Improved production of Bacillus subtilis cholesterol oxidase by optimization of process parameters using response surface methodology.

Background: Cholesterol oxidase has numerous biomedical and industrial applications. In the current study, a new bacterial strain was isolated from sewage and was selected for its high potency for cholesterol degradation (%) and production of high cholesterol oxidase activity (U/OD₆₀₀).

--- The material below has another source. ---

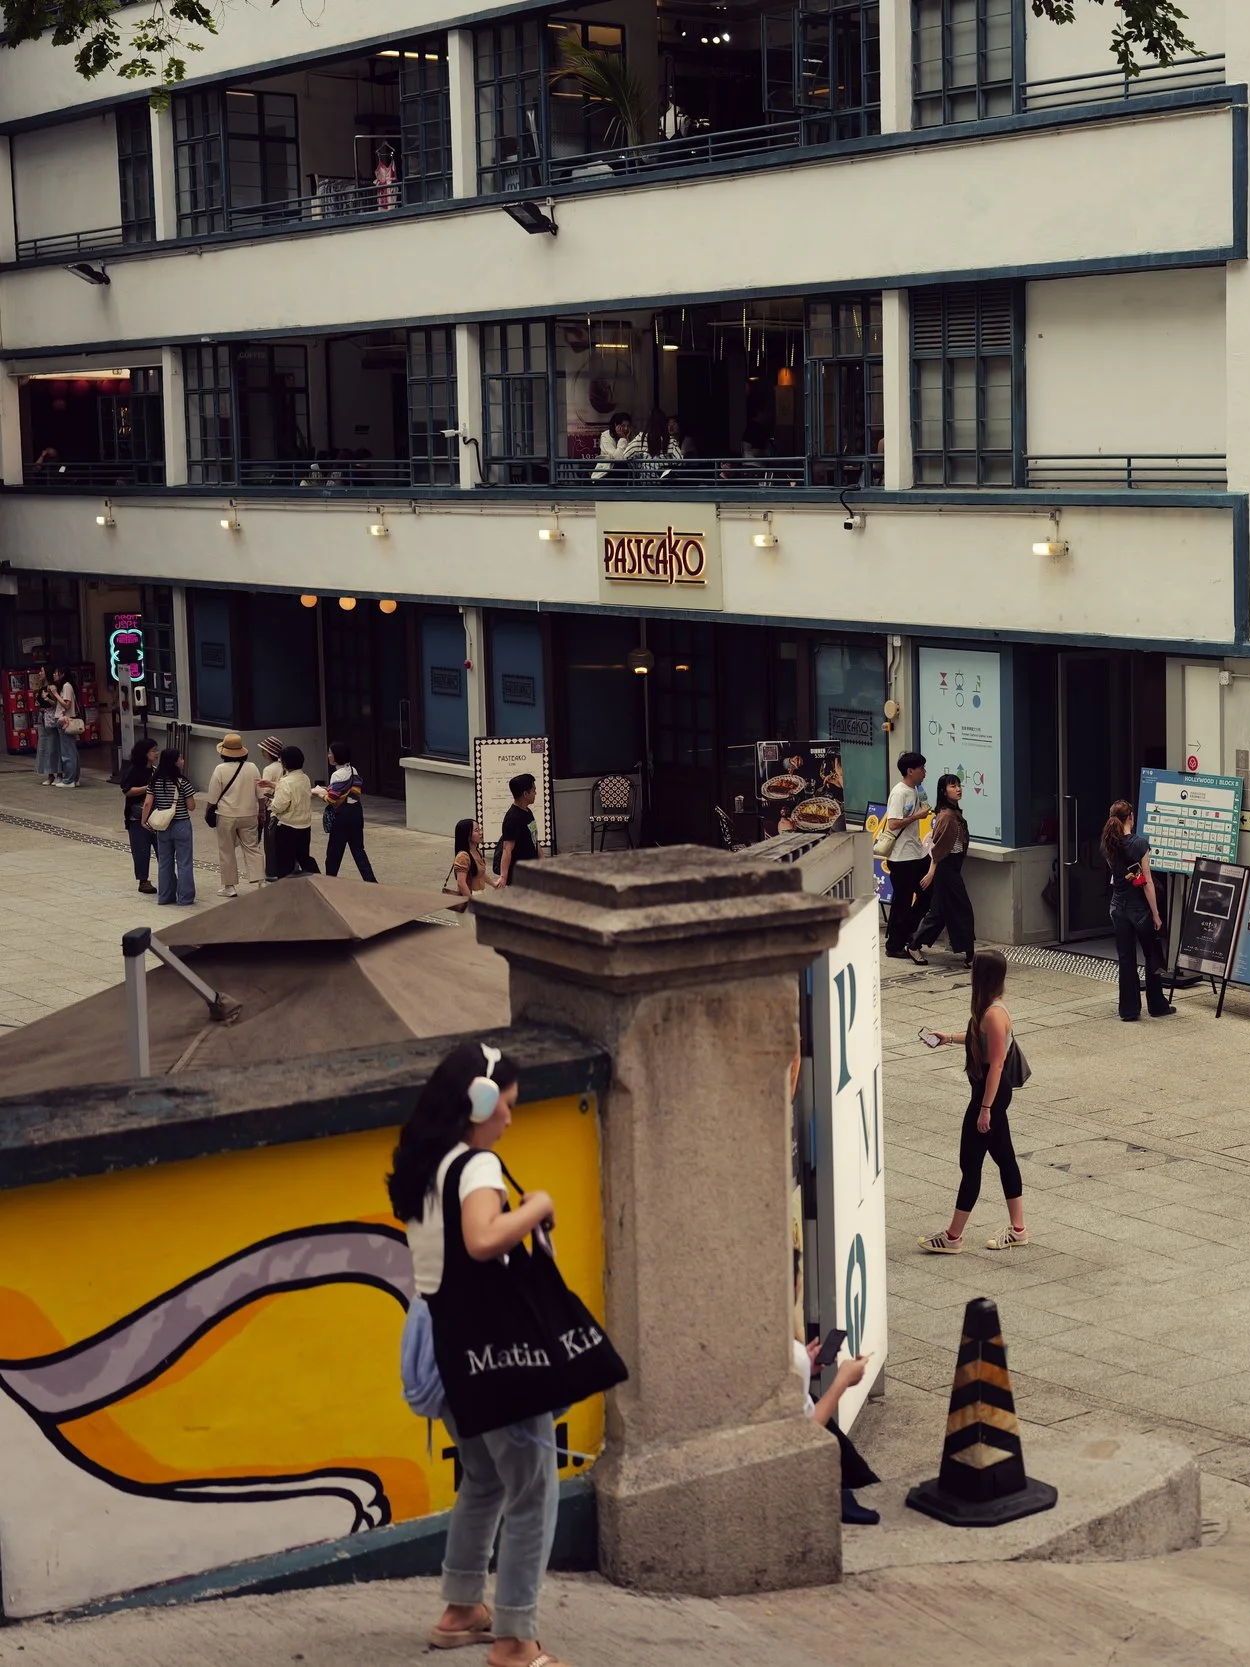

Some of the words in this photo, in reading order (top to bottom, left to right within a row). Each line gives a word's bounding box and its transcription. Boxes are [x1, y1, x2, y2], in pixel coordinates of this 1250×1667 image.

[604, 526, 705, 584] PASTEAKO
[1184, 776, 1214, 784] HOLLYWOOD
[466, 1342, 551, 1376] Matin

Results: Based on the sequence of 16S rRNA gene, the bacterium was identified as Bacillus subtilis. The fermentation conditions affecting cholesterol degradation (%) and the activity of cholesterol oxidase (U/OD₆₀₀) of B. subtilis were optimized through fractional factorial design (FFD) and response surface methodology (RSM). According to this sequential optimization approach, 80.152% cholesterol degradation was achieved by setting the concentrations of cholesterol, inoculum size, and magnesium sulphate at 0.05 g/l, 6%, and 0.05 g/l, respectively. Moreover, 85.461 U of cholesterol oxidase/OD₆₀₀ were attained by adjusting the fermentation conditions at initial pH, 6; volume of the fermentation medium, 15 ml/flask; and concentration of cholesterol, 0.05 g/l. The optimization process improved cholesterol degradation (%) and the activity of cholesterol oxidase (U/OD₆₀₀) by 139% and 154%, respectively. No cholesterol was detected in the spectroscopic analysis of the optimized fermented medium via gas chromatography-mass spectroscopy (GC-MS).

Conclusion: The current study provides principal information for the development of efficient production of cholesterol oxidase by B. subtilis that could be used in various applications.